Thank you, TVNZ, for cutting off The Sopranos in the prime of its new, long-awaited season. Apparently, in its concern that we not suffer from a surfeit of quality drama, TV2 has determined that because of a hold-up in filming the final season in the United States, we should have fewer episodes now so we can have more after another long wait - a view you can't help comparing to the addled reasoning of the dementia-suffering Uncle Junior.
What's more, it is thoughtfully giving us a double episode finale of Big Love - which also seems to have been and gone quicker than you can say "polygamy is illegal in Utah" - to wrap up the two best shows on the box on the same night. And thus bringing to an end the rare experience of having one night of the week which felt like stay-at-home, essential viewing.
Why doesn't TV2 play the Sopranos episodes it has now, and repeat them before the final episodes next year? But no, viewers must not be allowed too rich a diet of decent telly, or they might not be able to digest the rubbish more usually on offer.
So it's back to non-essential watching, although TV One did its best to persuade us that if we didn't partake of its Test the Nation health quiz on Monday we would expire there and then on the couch. Unfortunately, the show suffered from precisely the problem it was trying to eradicate.
Talk about clogged arteries, this was as fat-laden as it comes, plumping out its meagre 40 quiz questions to a three-hour extravaganza. That's a couch-potato marathon in anyone's book, yet here was Allison Roe warning us, "If we don't exercise, we atrophy and that not's a good look."
An awful lot of it seemed to consist of the teams cheering themselves on in applause as mock as a can of Dairy Whip, roving funny man Leigh Hart indulging in some inexplicable bouts of cut-rate slapstick, and Wendy Petrie hopping around the audience bailing them up with such unintentionally funny questions as asking Kevin Milne: "What made you think you were like Bill Clinton?"
This was possibly the longest public service message ever on New Zealand television, dressed up as a quiz, in case you hadn't got the eat better and exercise message from the hordes of diet shows already cluttering the box.
Meanwhile over on C4, the music channel is trying to round out its mono-diet with such offerings as Studentville, a show which reminds us how little yoof telly we've had lately.

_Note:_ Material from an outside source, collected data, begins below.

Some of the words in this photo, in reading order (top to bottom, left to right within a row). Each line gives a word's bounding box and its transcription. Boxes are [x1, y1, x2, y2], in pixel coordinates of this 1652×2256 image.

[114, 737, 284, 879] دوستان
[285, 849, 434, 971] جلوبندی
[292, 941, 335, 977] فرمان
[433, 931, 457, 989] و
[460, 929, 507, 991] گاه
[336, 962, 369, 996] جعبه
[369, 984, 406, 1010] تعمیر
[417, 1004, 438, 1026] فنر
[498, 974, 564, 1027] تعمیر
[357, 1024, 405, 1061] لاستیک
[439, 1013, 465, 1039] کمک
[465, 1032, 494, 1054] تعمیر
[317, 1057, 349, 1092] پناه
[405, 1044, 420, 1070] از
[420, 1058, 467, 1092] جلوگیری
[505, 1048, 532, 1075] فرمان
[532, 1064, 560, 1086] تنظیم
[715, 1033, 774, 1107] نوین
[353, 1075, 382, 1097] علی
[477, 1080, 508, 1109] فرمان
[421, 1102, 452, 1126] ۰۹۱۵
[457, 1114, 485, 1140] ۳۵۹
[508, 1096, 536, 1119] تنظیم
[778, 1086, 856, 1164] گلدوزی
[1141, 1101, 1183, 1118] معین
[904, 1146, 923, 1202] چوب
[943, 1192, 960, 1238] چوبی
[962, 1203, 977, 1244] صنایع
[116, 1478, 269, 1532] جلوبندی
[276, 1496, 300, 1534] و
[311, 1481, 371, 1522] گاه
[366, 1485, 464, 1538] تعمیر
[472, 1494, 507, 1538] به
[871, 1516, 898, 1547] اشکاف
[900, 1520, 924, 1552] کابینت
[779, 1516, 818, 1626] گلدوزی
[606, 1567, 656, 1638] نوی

It has its Jackass aspect but is not without its pleasures, such as the mocking tones of pomposity and a gratifying bit of jeering at Auckland, "where the students above all else pursue vanity".
Vain hopes all round. Watching drunken students trying to convince themselves they're having the time of their lives is a laugh in itself. Were the blokes getting any action at the toga party? "A helluva lot," assured one, after a pause just long enough to sound entirely unconvincing.
There are some great lines in there, such as the earnest media studies student who was described as "a living monument to Palmy North's awesomeness".
Still, we can rest assured students all round the country are working hard at learning to drink themselves silly. The drinking facility is essential to the skill set, equipping the young for the rigours, disappointments and sheer tedium of working life. As Roe might say, if you don't exercise, it will atrophy.